* [Task prompt]:
Transcribe the listing below word for word but skip its images.

........

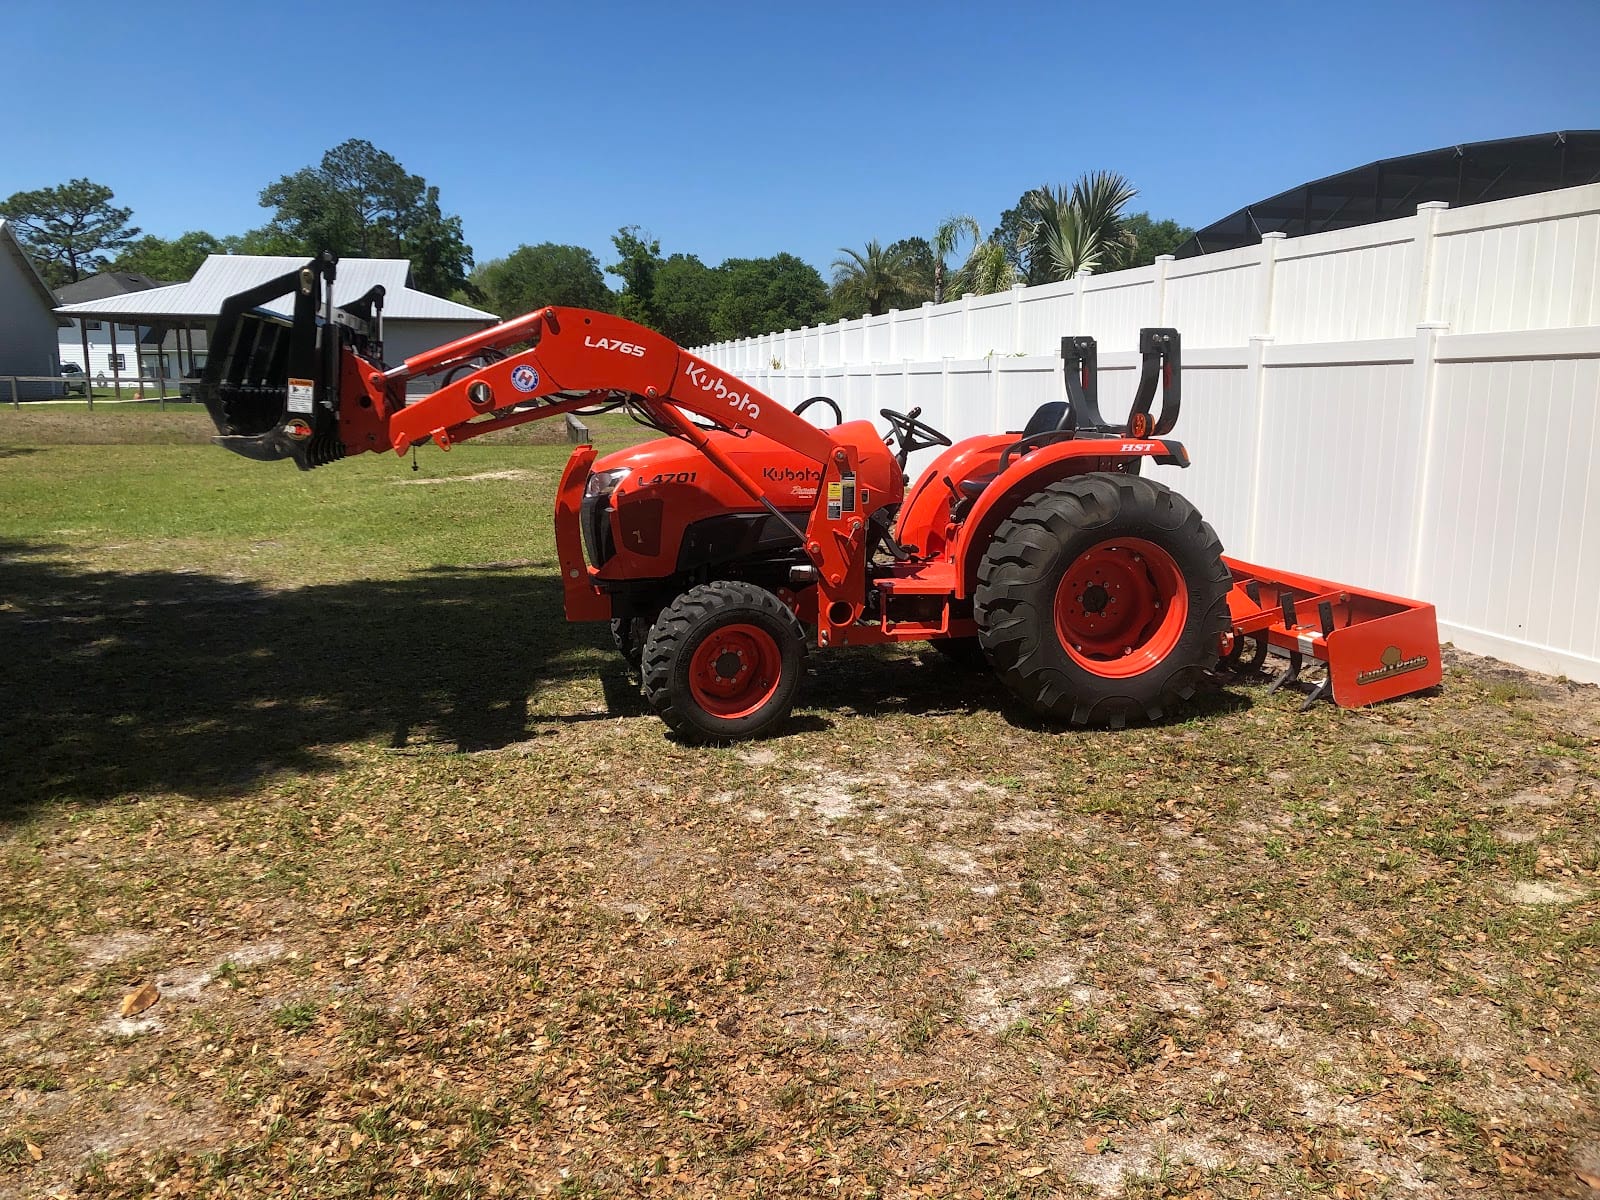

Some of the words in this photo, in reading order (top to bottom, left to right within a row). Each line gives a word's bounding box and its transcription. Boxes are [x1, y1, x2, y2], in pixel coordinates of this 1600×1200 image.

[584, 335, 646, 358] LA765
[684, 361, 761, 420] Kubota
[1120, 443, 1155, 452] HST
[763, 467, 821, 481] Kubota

........

* [Reply]:
Some of the words in this photo, in reading order (top to bottom, left to right within a row). Each line gives a word's bounding box and its transcription. Boxes are [x1, y1, x2, y2], in pixel coordinates of this 1600×1200 image.

[584, 335, 646, 358] LA765
[684, 361, 761, 420] Kubota
[1120, 443, 1155, 452] HST
[763, 467, 821, 481] Kubota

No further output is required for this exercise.